Sure, there may be a couple random circumstances that arise, like whether you wake up sick, or your bus breaks down on the way to the exam, or some jerk passes some nasty gas right next to you during the exam, but that doesn't mean your law school grades are random or arbitrary. And while law school exams might not be wholly indicative of a student's future ability to be a good lawyer, they certainly measure how well a student understands the material, which is likely to be indicative of whether the student will pass their bar exam and become a lawyer at all.
Preparation Requires More
Law school exams are not to be taken lightly. After all, at most schools, final exams make up all, or nearly all, of a student's final grade. Being prepared for those exams is akin to preparing for trial. There are lots of moving parts and if you neglect your mental and physical health, you are not preparing for exams correctly.
Not only do you have to master the materials, but you need to keep yourself healthy. The real world, aka courts and law offices, are not going to grant you a trial continuance or any slack because you have the sniffles, a sore throat, a tummy ache, are really stressed out, or couldn't sleep. Performing under extreme stress and pressure is part of the job of lawyering. So the next time a classmate rips one during exams, tell them to eat less cheese and thank them for helping you prepare for the bar, as quite frankly, the examiners barely care if there's an earthquake during the exam. (Notably, the bar exam takers in Southern California during the 2008 earthquake barely scored lower, on average, than the rest of the state, and were only awarded one additional point -- out of 1,800 -- due to the earthquake).
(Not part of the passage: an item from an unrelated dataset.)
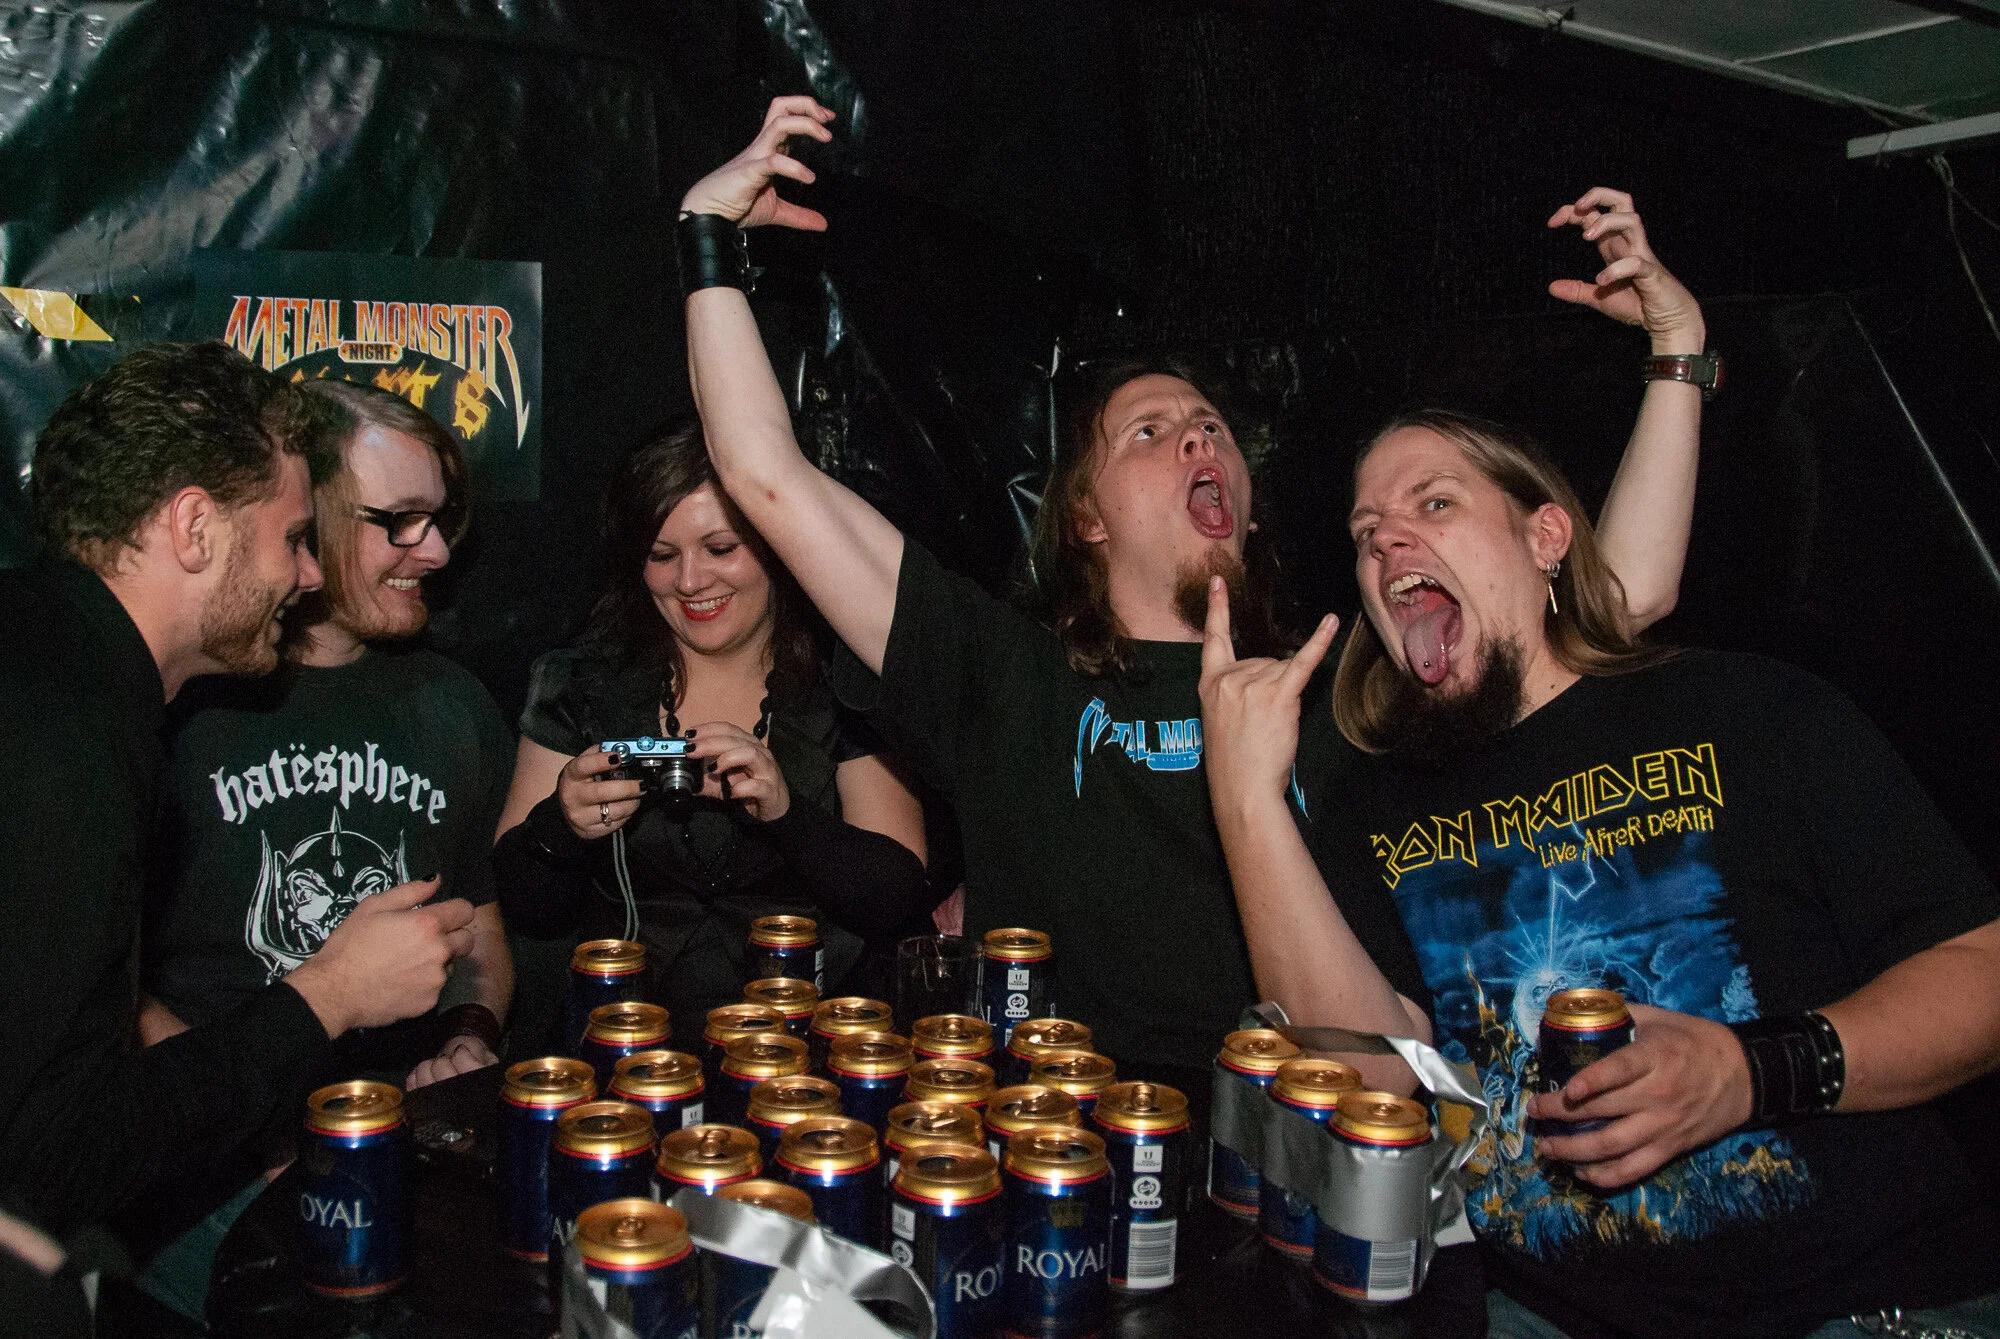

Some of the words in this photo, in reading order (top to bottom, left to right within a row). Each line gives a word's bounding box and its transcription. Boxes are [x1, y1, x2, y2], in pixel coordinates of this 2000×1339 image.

Professors Grade Just Like Clients, Bosses or Judges
Another point that those in the "law school exam grades are random" camp seem to rally around is the fact that professors in different classes often grade exams differently. Some profs fly through grading their exams just checking to see if issues were spotted. Some pour over each and every word, trying to see just how well each student understood each question. And others have other methods. Don't be afraid to ask your profs how they grade exams, but just don't expect an answer from most.
Furthermore, because most law school classes are graded on a curve, your grades are even less random. You can be assured that your score will be plotted against your peers, hence any alleged randomness in the grading between difference classes should impact everyone the same way.
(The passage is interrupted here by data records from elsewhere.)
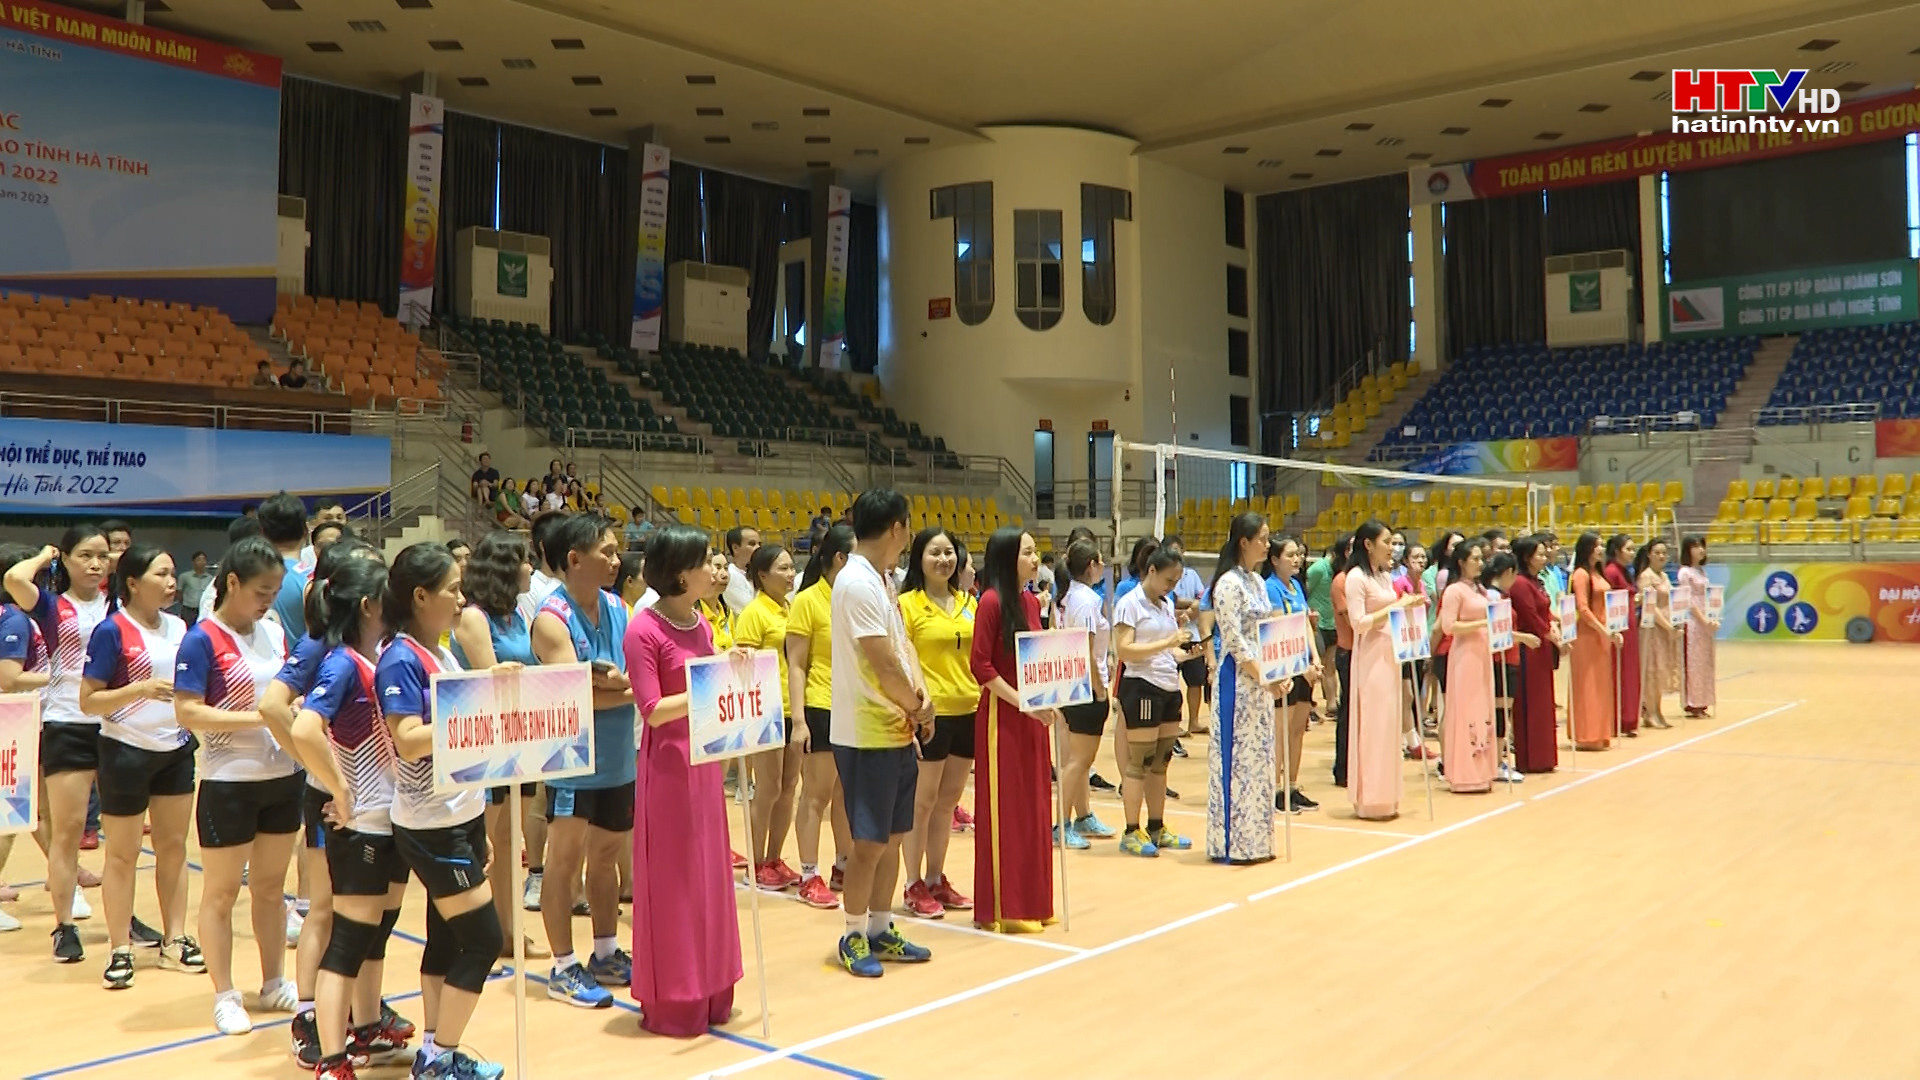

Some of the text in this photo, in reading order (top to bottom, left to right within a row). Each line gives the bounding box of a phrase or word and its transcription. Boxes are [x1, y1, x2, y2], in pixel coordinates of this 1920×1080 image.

[11, 6, 51, 31] VIỆT
[56, 16, 97, 42] NAM
[101, 27, 151, 53] MUÔN
[155, 39, 197, 63] NĂM!
[25, 141, 71, 164] TỈNH
[76, 151, 102, 169] HÀ
[1499, 163, 1545, 188] TOÀN
[1549, 157, 1587, 181] DÂN
[1592, 151, 1629, 175] RÈN
[1634, 139, 1693, 169] LUYỆN
[13, 165, 59, 185] 2022
[1738, 282, 1764, 301] CÔNG
[1766, 282, 1777, 299] TY
[1738, 306, 1764, 326] CÔNG
[1766, 306, 1777, 322] TY
[53, 448, 84, 470] DỤC,
[113, 450, 147, 468] THAO
[67, 475, 120, 495] 2022
[955, 631, 961, 650] 1
[718, 681, 763, 723] SỞ Y TẾ
[448, 705, 459, 750] SỞ
[460, 714, 473, 748] LAO
[475, 708, 495, 753] ĐỘNG
[501, 708, 528, 745] THƯƠNG
[529, 709, 546, 742] BINH
[547, 702, 556, 740] VÀ
[557, 701, 567, 738] XÃ
[568, 700, 580, 743] HỘI
And guess what? In the real world for new and experienced lawyers, their clients, judges, and bosses, all grade their work (and everyone else's work) based on their own criteria (which is usually way more nit-picky than any professor's) that you may not know about until you're being raked over the coals for not living up to their expectations. So when push comes to shove, while law school often gets knocked for not teaching law students how to be lawyers, the all-or-nothing, cold-as-ice, grading system certainly isn't where schools fall short.